Its official, cigarettes are now more expensive than weed
This is even worse then that time I fucked a guy just because he had air conditioning.
your dad made us margaritas and breakfast on the morning. I think it's safe to say he relives his glory days through us
I am literally using a balloon as a pillow on a park bench.
i cant believe im seriously wearing his ex girlfriends underwear right now
Lab coat again saves the day - hiding embarrassing shart evidence...
When we were done he got down next to the bed and I thought he was Tebowing. He was hitting a bong that he had already loaded and hidden under the bed.
I need vitamin water and Jesus :/
What has my life come to that I have to spank someone in morse code?
i may or may not have bought a plane ticket for a russian cam girl to fly here. also, can you spot me $300 on rent?

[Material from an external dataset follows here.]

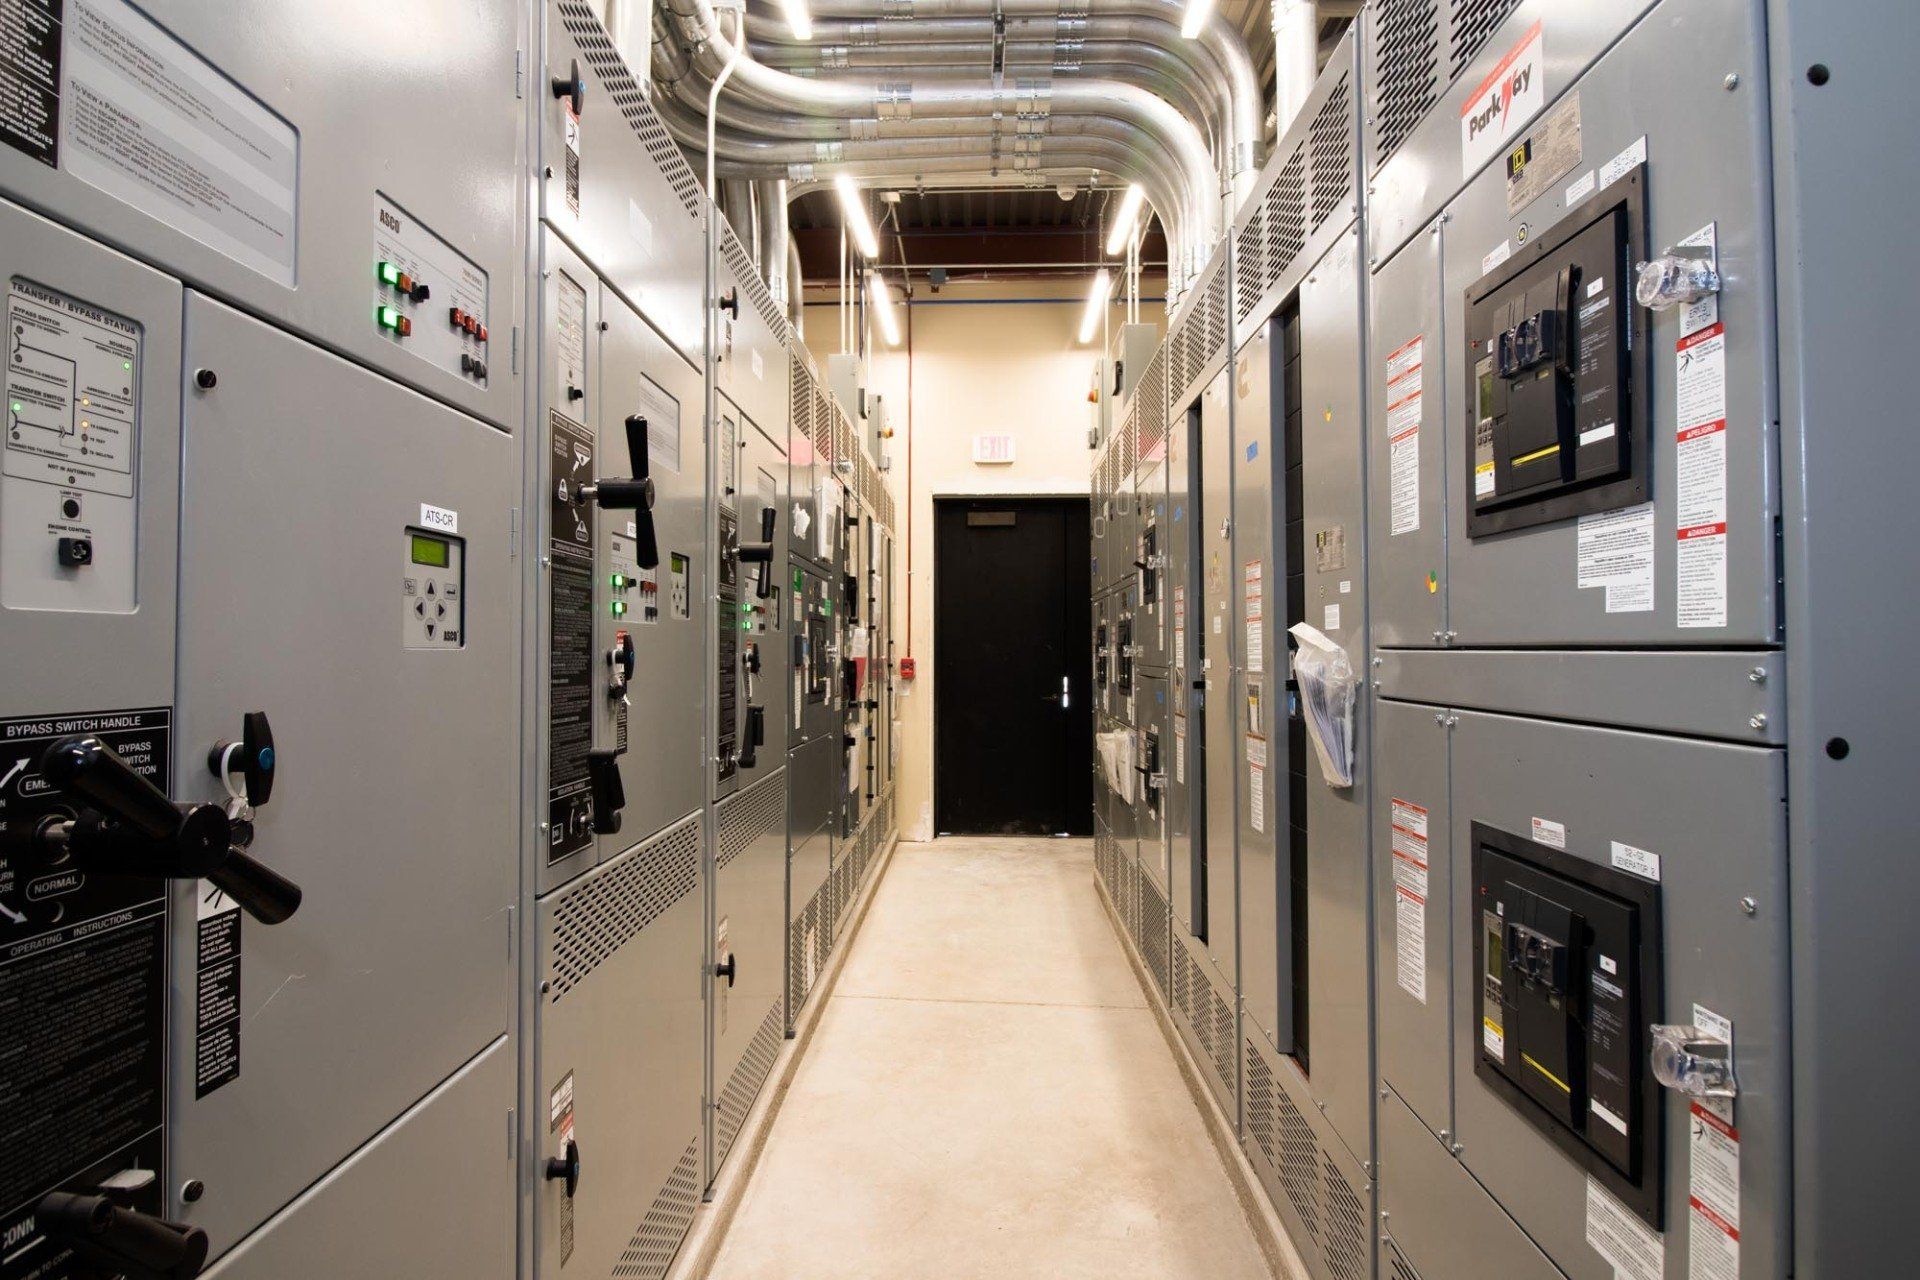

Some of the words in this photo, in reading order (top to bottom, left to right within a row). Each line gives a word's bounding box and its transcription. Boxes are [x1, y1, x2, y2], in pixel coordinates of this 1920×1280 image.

Dude is PACKING. And yes I am holding up a cross and holy water and hissing like a pissed off goose.
I'm sitting in my car avoiding a customer. Apparently the new year hasn't affected my attitude nor work ethic
So let me get this straight I was getting drunk with our science teacher from high school and you got drunk with an 82 year old woman who invited you back to her house and made you sandwiches.
Yes.
i am also 80% sure that my shirt glows in the dark.
I'm gonna make out with this 38 yr old. Mark my words. I don't even have daddy issues.